Well, that is pretty much the same as the first one. Let me introduce the weirdest assumption in this writeup: $p \leq k \cdot m_0 < p + n$. This implies $0 \leq k \cdot m_0 - p < n < p$. Now back to the flow:

\begin{aligned} & c_0 = \text{Enc}_\text{RSA}(m_0) \\ & \qquad\xrightarrow{\text{RSA to ElGamal}} \text{Enc}_\text{ElGamal}(m_0) \\ & \qquad\xrightarrow{\text{Homomorphic}\ (\times k)} \text{Enc}_\text{ElGamal}(k \cdot m_0 - p) \\ & \qquad\xrightarrow{\text{ElGamal to RSA}} \text{Enc}_\text{RSA}(k \cdot m_0 - p) \\ \end{aligned}

Sounds good!
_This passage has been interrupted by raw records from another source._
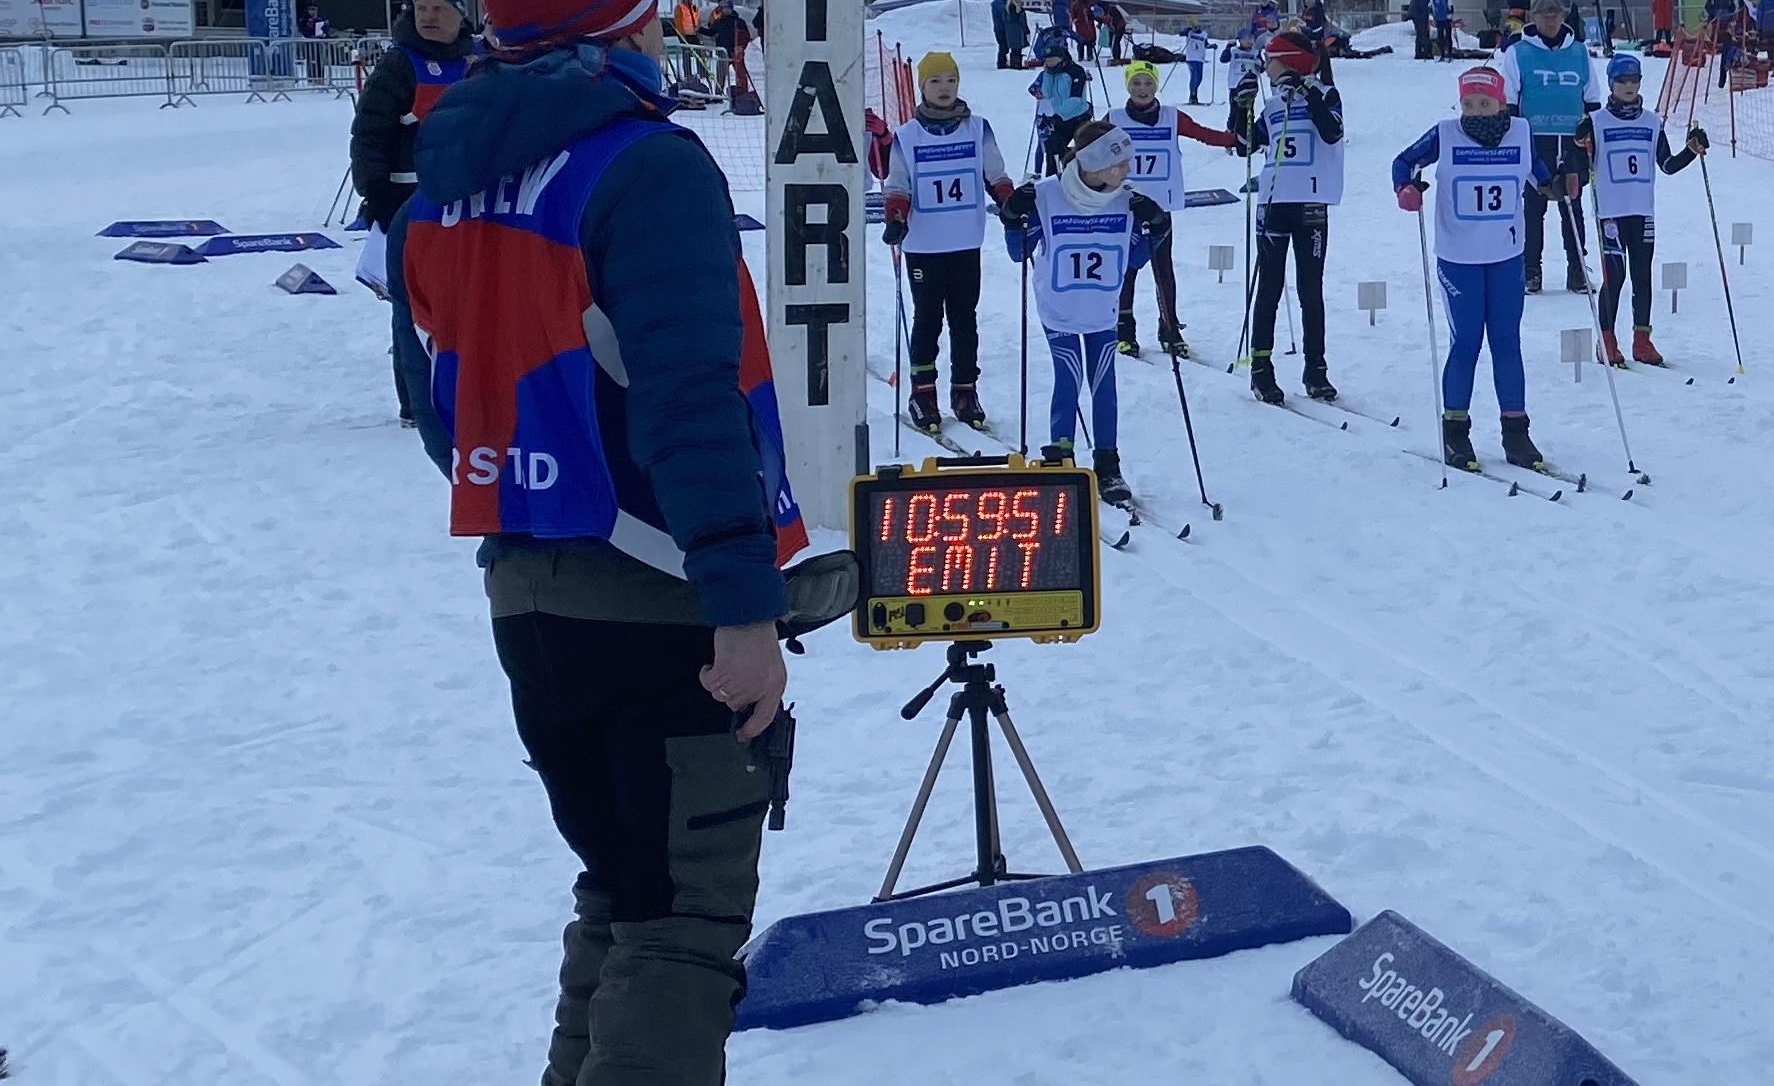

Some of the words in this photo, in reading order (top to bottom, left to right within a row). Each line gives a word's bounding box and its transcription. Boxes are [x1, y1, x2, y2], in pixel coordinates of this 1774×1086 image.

[1533, 69, 1581, 86] TD
[1134, 155, 1157, 175] 17
[1627, 154, 1638, 175] 6
[931, 177, 964, 205] 14
[1310, 176, 1317, 194] 1
[1473, 184, 1503, 212] 13
[1068, 251, 1103, 281] 12
[905, 542, 1041, 595] EMIT
[863, 885, 1119, 957] SpareBank
[1145, 883, 1176, 925] 1
[939, 924, 1124, 970] NORD-NORGE
[1358, 951, 1474, 1057] SpareBank
[1464, 1028, 1505, 1072] 1
If we can find an appropriate $k$, we can obtain $\text{Enc}_\text{RSA}(k \cdot m_0 - p)$.

### Part III: Finding $k$ and finishing up⌗

Suppose that $m_0 \in [0, n)$. If we pick $k = \lceil p / m_0 \rceil$, then

$k \cdot m_0 = \lceil p / m_0 \rceil \cdot m_0 \geq p \qquad\text{and}\qquad k \cdot m_0 = \lceil p / m_0 \rceil \cdot m_0 < p + m_0 < p + n.$

However, we are unable to pick $k$ in such way because we don't even have $m_0$.

Luckily, although we don't have $m_0$, we still have a good estimation of it.

Since it is a padded flag which is 96 bytes long and starts with TSJ (in ASCII, $\text{54535A}_{16} = 5526346$), we have

$5526346 \times 256^{93} \leq m_0 < 5526347 \times 256^{93}.$

We can estimate $\tilde{m_0}$ from above and thus compute $k = \lceil p / \tilde{m_0} \rceil$. After all, $x - m_0$ is divisible to the two polynomials below (here $c_1 := \text{Enc}_\text{RSA}(k \cdot m_0 - p)$):

$\text{f}(x) := x^e - c_0 \qquad \text{and} \qquad \text{g}(x) := (k \cdot x - p)^e - c_1.$

As said above, we can compute $\text{GCD}(\text{f}(x), \text{g}(x))$ to recover $x - m_0$. Finally we have the flag: TSJ{a_weird_oracle?}.